Any sense of tension from this holiday snap is not entirely due to the fomenting of radical art on a working holiday, though Moore and Hepworth, modernist sculptors sharing Yorkshire roots (and a smoking habit), are even now rivals as well as allies.

No, the electricity is more personal. Barbara - serpentine as a Norfolk flint as she fixes her hair - has just fallen in love with Ben. Her sculptor husband John Skeaping will soon arrive from London in a last-ditch bid to save the marriage and find he is too late. Up in Cumberland with her children and paints, Winifred Nicholson is in for bad news.

But the group is here because of Henry Moore. In 1922, while at London's Royal College of Art, he heard that his coalminer father, Raymond, was dangerously ill and a decision was made to move the family from Castleford to the purer air of Norfolk.

Henry's elder sister, Mary, became headteacher of Wighton village school, near Wells. She and their parents moved into the adjoining schoolhouse, but Raymond's decline continued and, after a brief spell in a Walsingham nursing home, he died within a month of reaching Norfolk. He is buried in Wighton churchyard.

Born in 1849, Raymond Moore is believed to have left school at nine, to toil as a crow-scarer on a Lincolnshire farm where penury and bondage forced his migration to the mines as a young man. Marrying at 35, and fathering eight children, before his lungs gave out he urged his offspring to train as teachers.

Several did. Henry taught in Castleford. His brother Raymond became headmaster at Stoke Ferry near Downham Market while Rowland Howarth, husband of sister Betty, presided over Mulbarton school near Norwich.

Henry spent most of his holidays in Norfolk at Wighton and Mulbarton, where he developed his passion for carving outdoors, steadying stone blocks between his feet or lodging them in the ground. The reaction of local folk can only be imagined.

Writing from Mulbarton in the summer of 1925, he said: 'I'm thankful for these two spots in Norfolk where I can sit in the open air, crosslegged on patches of grass & chip stone - though I was nearly sent loopy this afternoon by the incessant lowing of a cow that the farmer next door is starving for killing.'

A further letter from Mulbarton mentioned a half-figure carving of a woman reaching upwards. 'It's not coming on as well as I expected - but I may get something into it before its finished,' he said.

The work in progress turned into Woman with Upraised Arms, whose 'primitive' appearance confirms the artist's love of ancient and non-western sculpture and seems to owe nothing to the place where it was made.
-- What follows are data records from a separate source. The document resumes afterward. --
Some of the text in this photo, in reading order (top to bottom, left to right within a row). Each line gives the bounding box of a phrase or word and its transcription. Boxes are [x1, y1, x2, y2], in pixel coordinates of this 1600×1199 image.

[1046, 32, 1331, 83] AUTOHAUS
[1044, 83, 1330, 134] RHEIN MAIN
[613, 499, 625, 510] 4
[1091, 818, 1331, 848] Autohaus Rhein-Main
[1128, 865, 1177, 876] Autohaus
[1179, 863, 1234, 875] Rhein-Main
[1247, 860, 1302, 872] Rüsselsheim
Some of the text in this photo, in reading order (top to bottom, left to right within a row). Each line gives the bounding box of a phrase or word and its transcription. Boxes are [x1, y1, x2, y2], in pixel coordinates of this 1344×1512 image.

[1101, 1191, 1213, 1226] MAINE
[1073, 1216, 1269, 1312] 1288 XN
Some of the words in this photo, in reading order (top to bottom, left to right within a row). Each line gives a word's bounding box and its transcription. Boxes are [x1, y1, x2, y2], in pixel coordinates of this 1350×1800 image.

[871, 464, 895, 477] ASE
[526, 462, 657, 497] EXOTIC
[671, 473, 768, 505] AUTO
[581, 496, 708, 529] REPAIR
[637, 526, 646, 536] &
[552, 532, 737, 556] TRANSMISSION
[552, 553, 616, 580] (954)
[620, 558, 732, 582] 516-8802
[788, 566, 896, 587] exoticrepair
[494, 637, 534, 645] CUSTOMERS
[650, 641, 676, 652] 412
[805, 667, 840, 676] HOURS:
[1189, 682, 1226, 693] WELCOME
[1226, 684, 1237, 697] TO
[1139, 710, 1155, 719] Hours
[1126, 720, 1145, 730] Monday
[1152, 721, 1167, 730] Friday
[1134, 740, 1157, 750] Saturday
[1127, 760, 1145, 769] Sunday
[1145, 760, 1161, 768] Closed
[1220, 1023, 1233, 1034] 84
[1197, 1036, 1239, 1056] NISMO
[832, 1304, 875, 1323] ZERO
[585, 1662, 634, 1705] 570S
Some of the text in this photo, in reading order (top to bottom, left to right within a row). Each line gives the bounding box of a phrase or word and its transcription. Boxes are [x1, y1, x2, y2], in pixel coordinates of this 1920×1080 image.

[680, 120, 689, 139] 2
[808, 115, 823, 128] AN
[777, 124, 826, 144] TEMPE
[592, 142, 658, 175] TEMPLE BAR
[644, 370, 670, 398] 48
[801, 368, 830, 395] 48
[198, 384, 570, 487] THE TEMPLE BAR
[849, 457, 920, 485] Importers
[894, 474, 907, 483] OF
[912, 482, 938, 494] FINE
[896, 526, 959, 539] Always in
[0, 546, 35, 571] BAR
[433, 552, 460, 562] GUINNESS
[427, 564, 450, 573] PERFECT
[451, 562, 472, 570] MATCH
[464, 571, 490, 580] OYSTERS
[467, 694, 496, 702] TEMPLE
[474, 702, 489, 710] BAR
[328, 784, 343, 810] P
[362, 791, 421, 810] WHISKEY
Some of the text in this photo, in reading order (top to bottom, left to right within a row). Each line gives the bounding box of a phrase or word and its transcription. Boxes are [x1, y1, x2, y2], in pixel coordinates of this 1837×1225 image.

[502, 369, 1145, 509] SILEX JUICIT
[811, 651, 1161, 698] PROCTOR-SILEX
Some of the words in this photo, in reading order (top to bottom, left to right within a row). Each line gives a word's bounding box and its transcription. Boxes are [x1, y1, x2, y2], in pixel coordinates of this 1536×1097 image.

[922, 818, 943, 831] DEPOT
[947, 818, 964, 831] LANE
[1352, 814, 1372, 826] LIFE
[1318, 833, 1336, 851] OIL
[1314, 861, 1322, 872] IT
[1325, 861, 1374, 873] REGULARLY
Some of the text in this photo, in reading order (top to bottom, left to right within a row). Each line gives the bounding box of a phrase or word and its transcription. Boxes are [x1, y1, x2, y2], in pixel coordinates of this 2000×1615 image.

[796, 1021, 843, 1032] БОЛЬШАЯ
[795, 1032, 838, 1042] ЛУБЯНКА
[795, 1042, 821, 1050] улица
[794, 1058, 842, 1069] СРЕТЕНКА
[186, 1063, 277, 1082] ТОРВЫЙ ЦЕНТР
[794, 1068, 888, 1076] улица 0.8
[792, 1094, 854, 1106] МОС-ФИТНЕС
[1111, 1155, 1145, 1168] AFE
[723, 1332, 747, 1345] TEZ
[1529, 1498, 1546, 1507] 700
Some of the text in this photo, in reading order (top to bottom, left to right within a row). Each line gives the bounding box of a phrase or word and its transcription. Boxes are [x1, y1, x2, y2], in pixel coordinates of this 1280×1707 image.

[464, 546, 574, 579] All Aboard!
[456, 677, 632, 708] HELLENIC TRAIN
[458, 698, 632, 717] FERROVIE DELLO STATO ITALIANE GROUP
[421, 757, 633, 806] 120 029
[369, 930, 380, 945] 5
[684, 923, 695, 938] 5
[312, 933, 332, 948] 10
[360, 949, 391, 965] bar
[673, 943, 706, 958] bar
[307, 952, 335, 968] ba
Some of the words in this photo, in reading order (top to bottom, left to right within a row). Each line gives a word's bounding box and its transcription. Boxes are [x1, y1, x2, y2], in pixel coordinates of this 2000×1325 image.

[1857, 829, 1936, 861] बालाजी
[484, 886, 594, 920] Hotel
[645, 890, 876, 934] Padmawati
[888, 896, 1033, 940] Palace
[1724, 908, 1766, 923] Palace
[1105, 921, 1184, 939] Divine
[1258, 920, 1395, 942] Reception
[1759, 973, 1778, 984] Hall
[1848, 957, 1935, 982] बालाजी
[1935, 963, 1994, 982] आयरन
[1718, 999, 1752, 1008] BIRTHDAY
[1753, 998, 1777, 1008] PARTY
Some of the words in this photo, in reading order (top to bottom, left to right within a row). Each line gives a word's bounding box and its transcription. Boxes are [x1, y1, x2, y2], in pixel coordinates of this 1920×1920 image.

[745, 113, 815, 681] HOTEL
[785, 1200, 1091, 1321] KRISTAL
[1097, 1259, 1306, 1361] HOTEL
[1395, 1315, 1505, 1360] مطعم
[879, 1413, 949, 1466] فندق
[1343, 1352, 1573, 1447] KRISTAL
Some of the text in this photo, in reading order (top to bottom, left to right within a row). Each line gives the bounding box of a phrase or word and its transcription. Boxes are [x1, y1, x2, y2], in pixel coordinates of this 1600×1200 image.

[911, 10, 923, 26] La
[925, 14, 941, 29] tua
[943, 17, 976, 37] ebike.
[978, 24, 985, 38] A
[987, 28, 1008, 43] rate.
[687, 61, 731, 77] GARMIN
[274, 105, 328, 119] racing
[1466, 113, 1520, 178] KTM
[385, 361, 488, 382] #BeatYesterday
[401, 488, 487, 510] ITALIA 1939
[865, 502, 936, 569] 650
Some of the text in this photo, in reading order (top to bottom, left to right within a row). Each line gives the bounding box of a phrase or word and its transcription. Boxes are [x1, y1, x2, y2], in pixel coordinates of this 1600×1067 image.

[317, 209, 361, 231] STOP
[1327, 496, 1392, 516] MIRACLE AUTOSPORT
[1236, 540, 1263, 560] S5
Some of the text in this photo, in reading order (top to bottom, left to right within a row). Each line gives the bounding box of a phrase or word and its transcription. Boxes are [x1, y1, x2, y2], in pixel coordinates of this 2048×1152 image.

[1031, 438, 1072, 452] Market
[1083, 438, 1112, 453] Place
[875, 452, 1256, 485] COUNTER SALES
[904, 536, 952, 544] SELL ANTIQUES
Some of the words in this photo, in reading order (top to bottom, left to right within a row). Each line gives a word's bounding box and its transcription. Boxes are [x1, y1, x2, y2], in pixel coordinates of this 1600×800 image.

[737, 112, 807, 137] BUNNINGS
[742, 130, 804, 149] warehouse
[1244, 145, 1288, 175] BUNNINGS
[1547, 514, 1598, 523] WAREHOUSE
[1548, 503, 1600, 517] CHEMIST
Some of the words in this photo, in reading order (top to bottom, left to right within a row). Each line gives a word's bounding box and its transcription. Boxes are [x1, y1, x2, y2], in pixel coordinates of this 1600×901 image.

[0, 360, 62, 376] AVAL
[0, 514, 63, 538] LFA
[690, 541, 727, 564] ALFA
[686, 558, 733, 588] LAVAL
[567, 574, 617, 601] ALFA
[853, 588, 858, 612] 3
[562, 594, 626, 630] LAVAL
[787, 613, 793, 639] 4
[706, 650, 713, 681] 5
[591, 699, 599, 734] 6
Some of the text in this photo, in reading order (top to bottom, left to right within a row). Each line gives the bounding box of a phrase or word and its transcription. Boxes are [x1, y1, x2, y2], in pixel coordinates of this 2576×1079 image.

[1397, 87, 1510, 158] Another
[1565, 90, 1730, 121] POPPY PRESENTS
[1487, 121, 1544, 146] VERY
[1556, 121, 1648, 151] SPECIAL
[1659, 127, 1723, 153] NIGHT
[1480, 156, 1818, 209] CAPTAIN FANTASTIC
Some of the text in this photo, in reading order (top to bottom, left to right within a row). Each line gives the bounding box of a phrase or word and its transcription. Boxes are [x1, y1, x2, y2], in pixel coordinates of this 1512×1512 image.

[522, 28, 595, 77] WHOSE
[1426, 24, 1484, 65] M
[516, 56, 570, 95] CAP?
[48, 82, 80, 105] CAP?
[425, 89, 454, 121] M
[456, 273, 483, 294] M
And yet…

In 1925 Mary Moore married bank manager George Garrould and moved to Wells (then to Colchester 18 months later). From their house that summer Moore wrote that, given enough money, he would make for 'somewhere like Wighton or Walsingham, and stay there until I'd found and wedded one of those richly formed, big-limbed, fresh faced, full blooded country wenches, built for breeding, honest, simple minded, practical, common sensed, healthily sexed lasses that I've seen about here.'

Here were the inspirations for a harem of reclining figures.

A faded photo also survives from this period of the young sculptor carving a dog. His first Mother and Child can be seen in the background.

The picture further includes a piece of white marble from which a head and shoulders are emerging. When the subsequent owners of Wighton Schoolhouse - painter Alfred Cohen and his wife Diana - were clearing the overgrown garden in the 1980s, they found the unfinished sculpture. It was returned to Moore, at his home in Hertfordshire, shortly before his death.

Henry Moore had a life-long interest in natural forms and found objects and it was in Norfolk that he began to collect the flints abounding on beaches and in fields.

As the natural stone building blocks of East Anglia, they had been set and knapped in walls, houses and a mass of medieval churches. The more twisted shapes, often suggesting female figures in repose, were prototypes for a sculptor's future works of art.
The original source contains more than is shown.